I’m from the timeline that is slightly older than you by the looks of it. The first couple of releases of IE were garbage, and I would argue it was IE4 where the writing was clearly on the wall for Netscape. Mind you, if Netscape had continued apace, then it should have been fine. 1995 Netscape Navigator 2 was full of promise and life. A little bundle of hopes and dreams. IE2 around the same time was the Cuckoo in the nest. Ugly, dishonestly planted, and soon taking all the nutrients from the Netscape hatchling until it withered away.
Ahh Microsoft; ever were you the great teacher on the reality of power.
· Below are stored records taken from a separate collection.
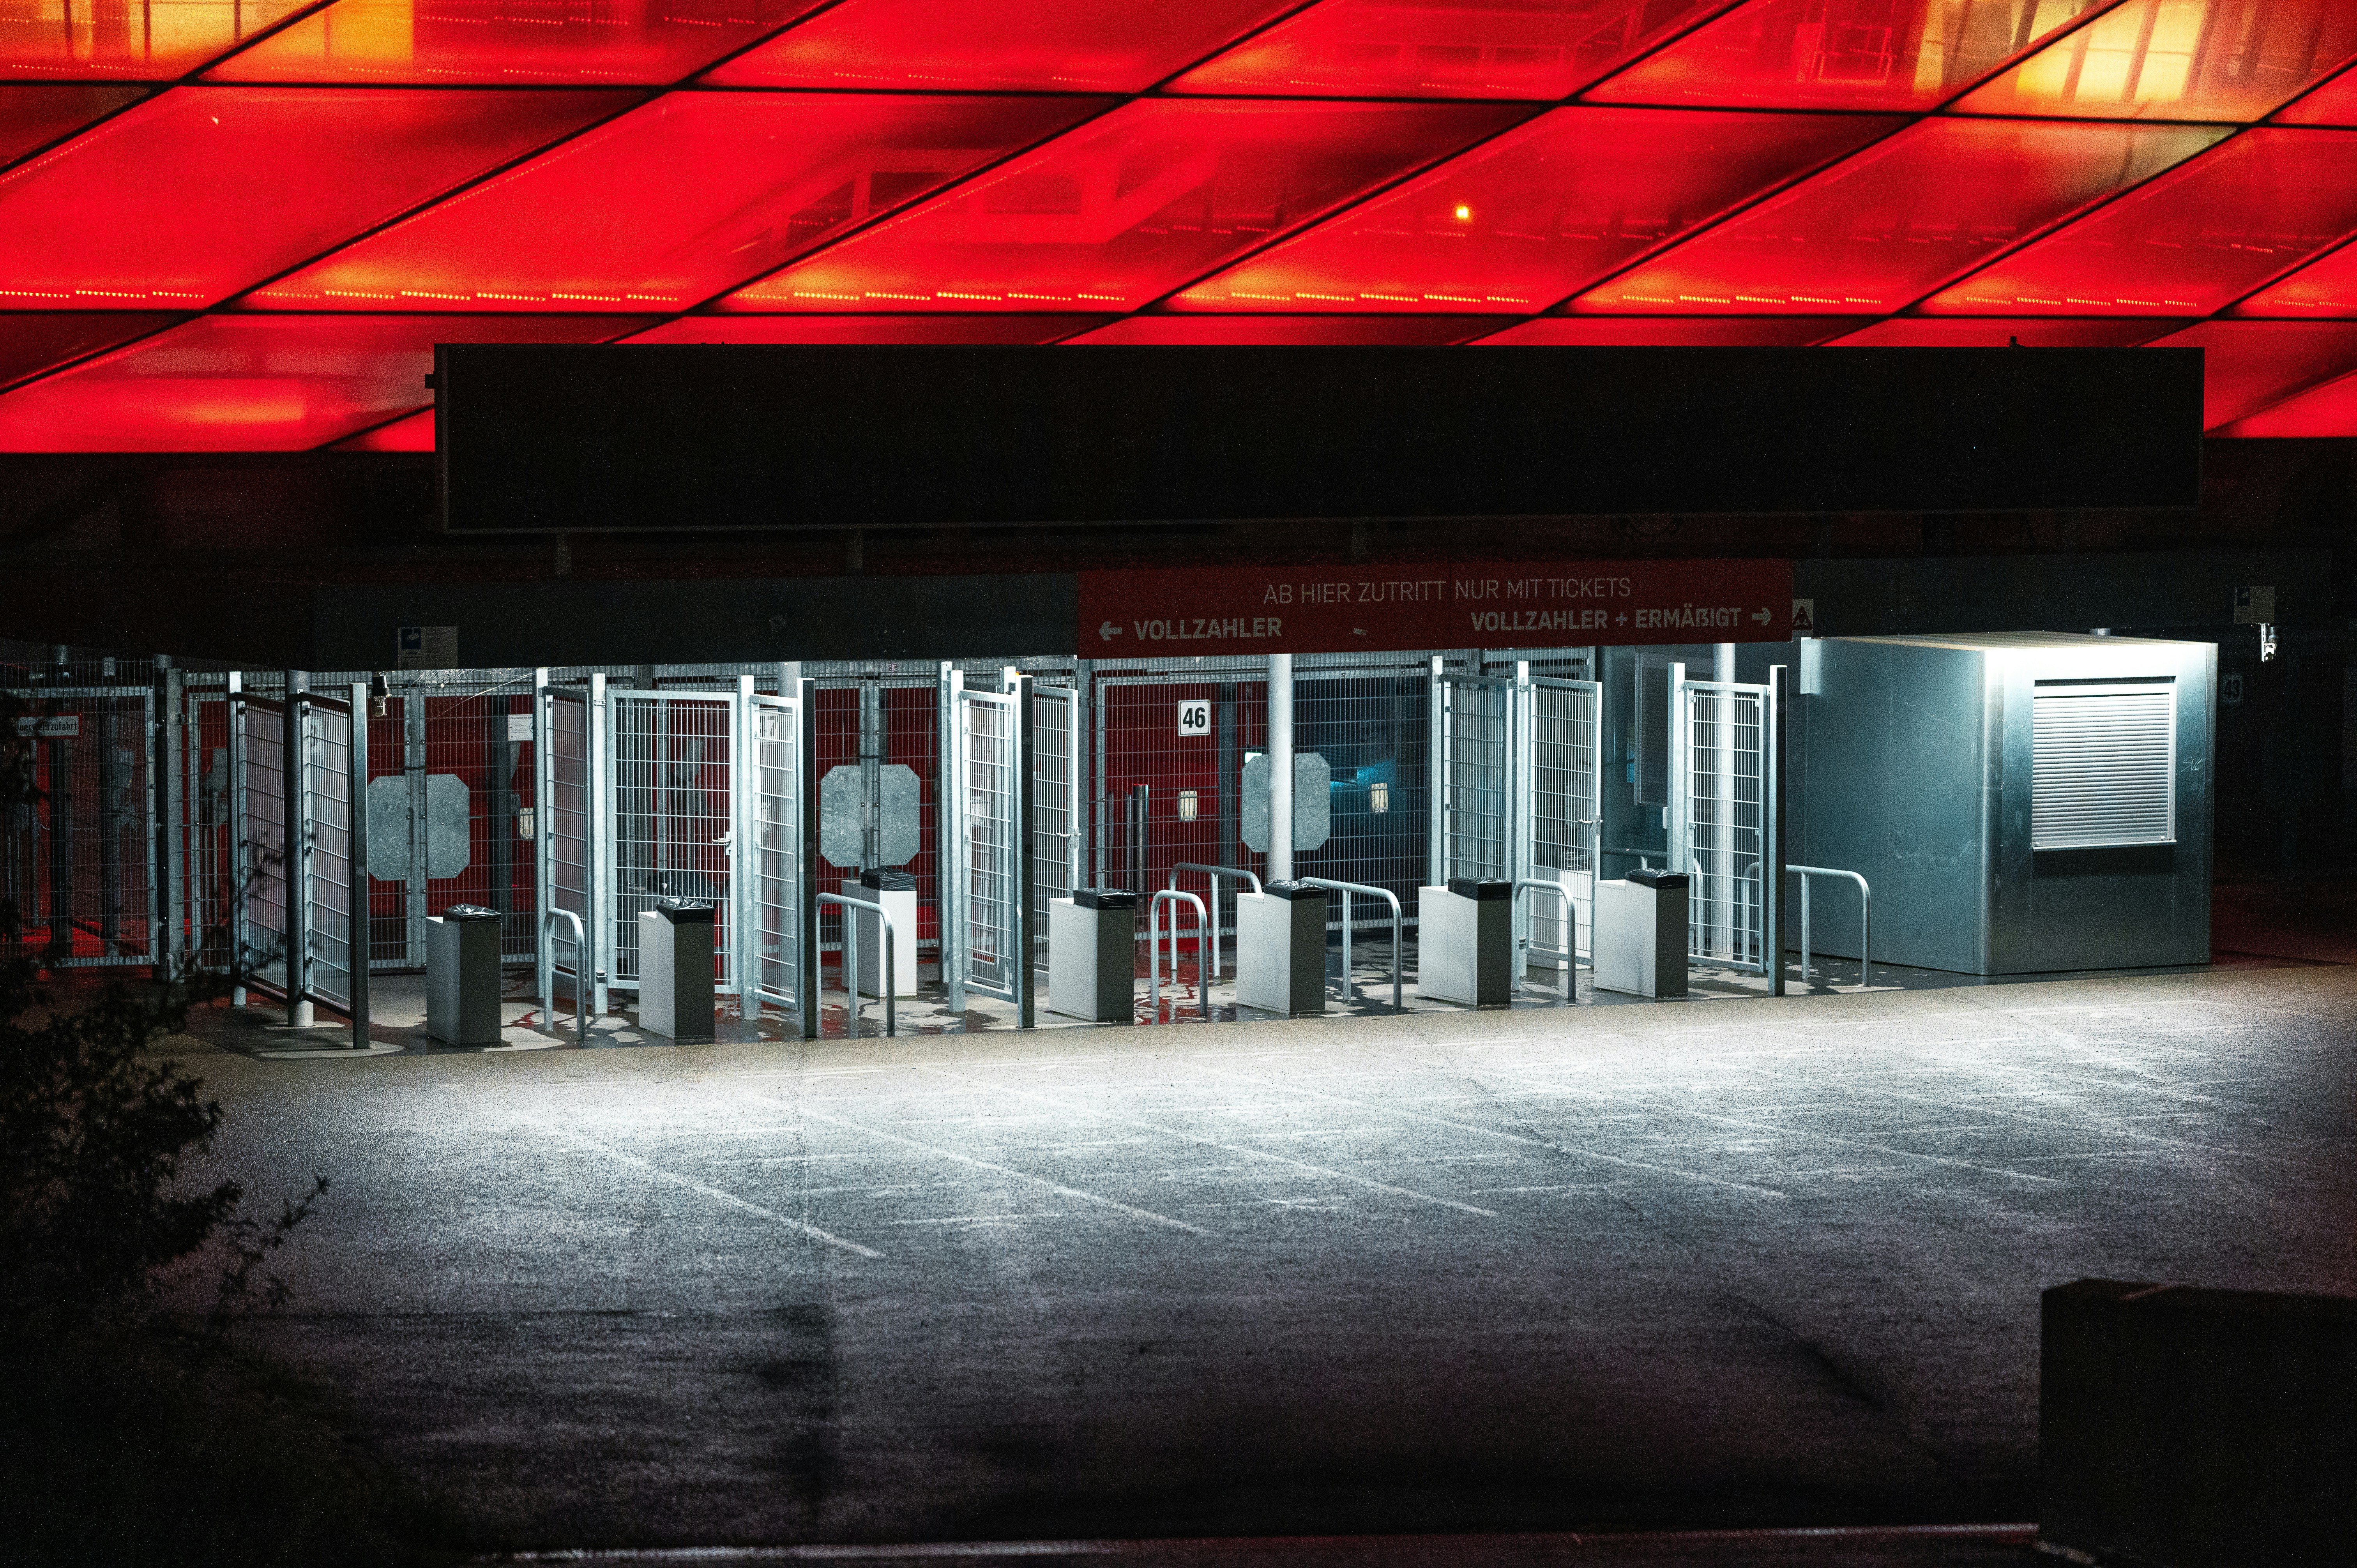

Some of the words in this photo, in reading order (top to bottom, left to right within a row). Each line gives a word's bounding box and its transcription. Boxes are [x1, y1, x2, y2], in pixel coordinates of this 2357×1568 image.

[1263, 584, 1292, 604] AB
[1301, 583, 1350, 603] HIER
[1358, 581, 1446, 602] ZUTRITT
[1456, 579, 1498, 599] NUR
[1507, 579, 1542, 599] MIT
[1547, 577, 1631, 598] TICKETS
[1134, 617, 1282, 640] VOLLZAHLER
[1471, 610, 1608, 631] VOLLZAHLER
[1615, 612, 1628, 626] +
[2224, 679, 2240, 698] 43
[1182, 707, 1205, 728] 46
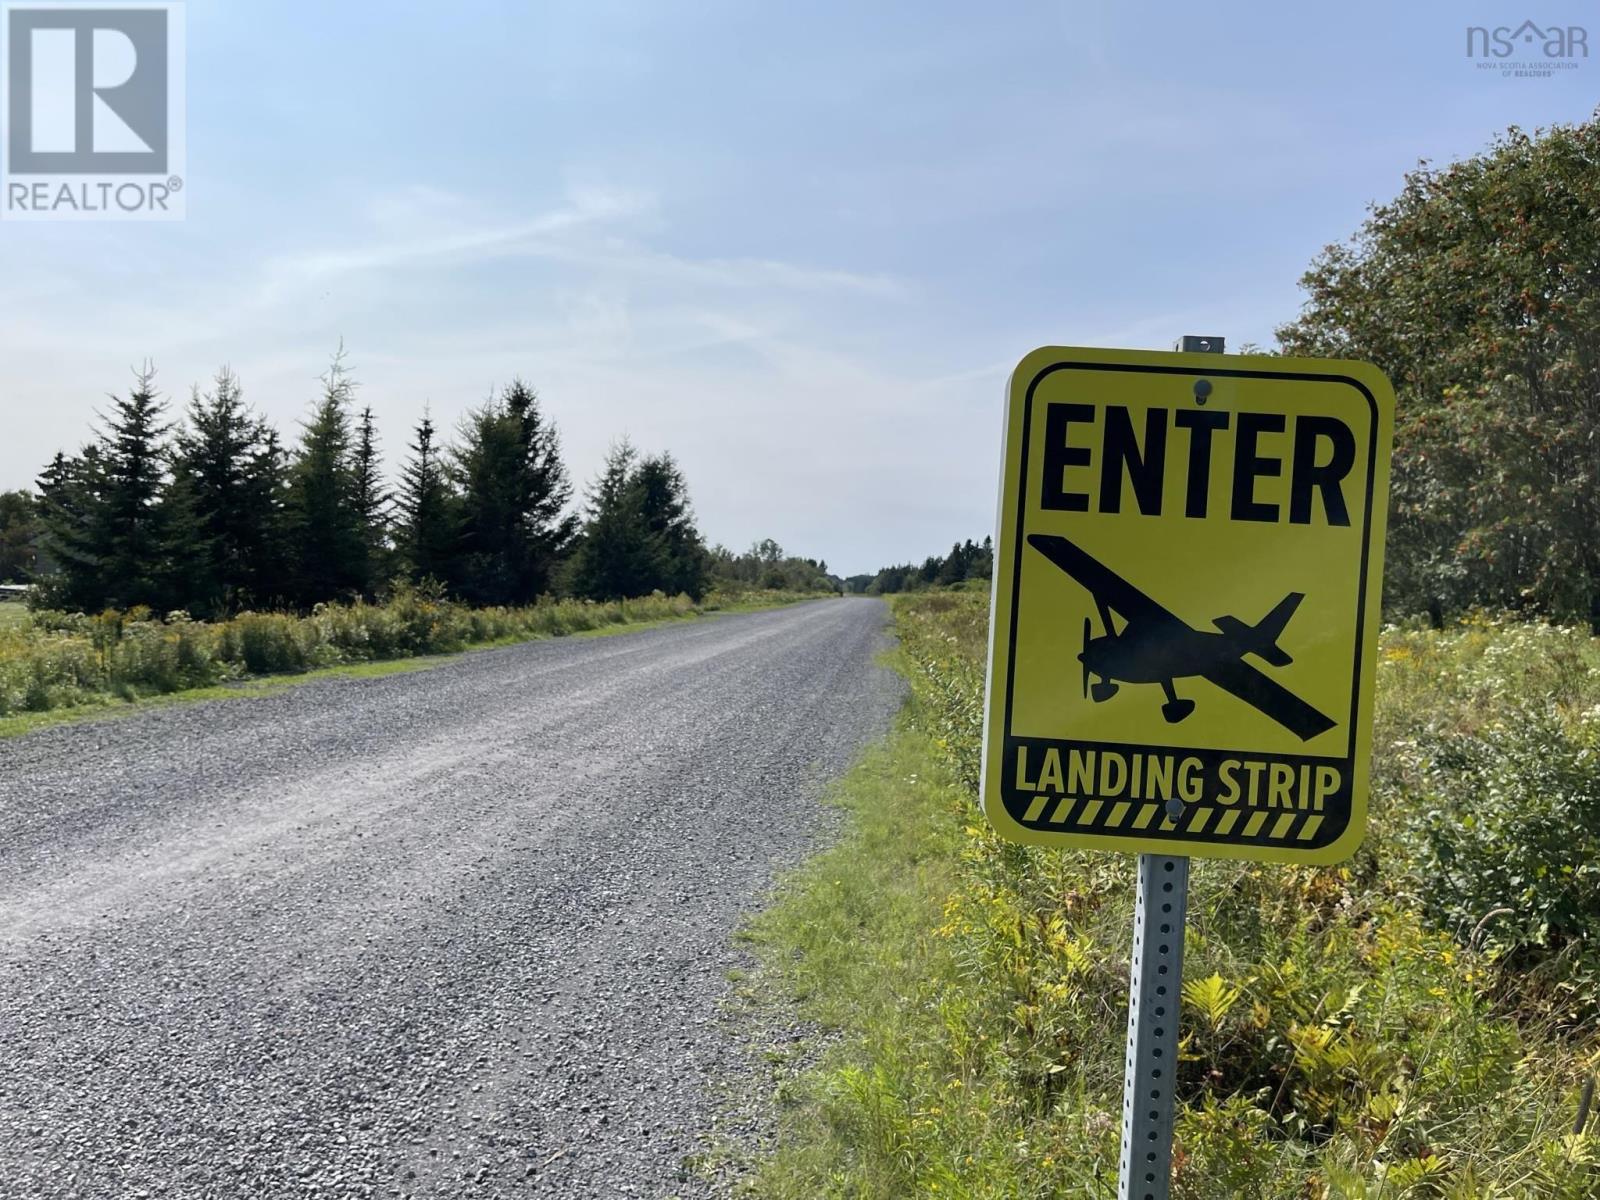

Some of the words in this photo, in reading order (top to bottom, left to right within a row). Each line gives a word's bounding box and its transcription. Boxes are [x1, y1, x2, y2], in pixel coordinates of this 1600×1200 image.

[1041, 402, 1357, 527] ENTER
[1015, 745, 1204, 803] LANDING
[1217, 759, 1342, 811] STRIP
IE4 is the first what I would call "recognizably modern" browser, because it's the first browser that has a concept of "reflow" accessible through Javascript. I recall writing some Javascript attached to a button that would add another row to a table, and that new row would have a button in it with attached Javascript that would add a new row. Yeah, it's not how you'd do it today, and I crashed the browser more than once trying to do this sort of thing, but it worked like you expect a browser to work today; a row was added to the table and the page reflowed around it.
Prior to that, nothing worked that way. What limited page modification there was after formatting couldn't ever cause a reflow, and you couldn't even do all the things that couldn't cause a reflow, either. Reflows were simply not a thing through Javascript. (Deferred image loading could cause reflows, and a few other special cases the browser would handle, but you didn't have generalized access to it.)
Netscape tried to compete but they clearly couldn't. They tried to build a "layer" concept, which was ultimate just several chunks of page that could be completely rewritten, but couldn't be reflowed as we'd use the term today. It was a weak concept that was very difficult to use for anything.
IIRC, Netscape qua Netscape never solved this. It was only after Firefox that it could compete. There was a long time where IE was really the only recognizably-modern browser.
It, too, fell behind, its internal architecture becoming simply too limiting. But there was a period of time where it was legitimately the best browser, no matter how anyone may have felt about it.
Ahh Microsoft; ever were you the great teacher on the reality of power.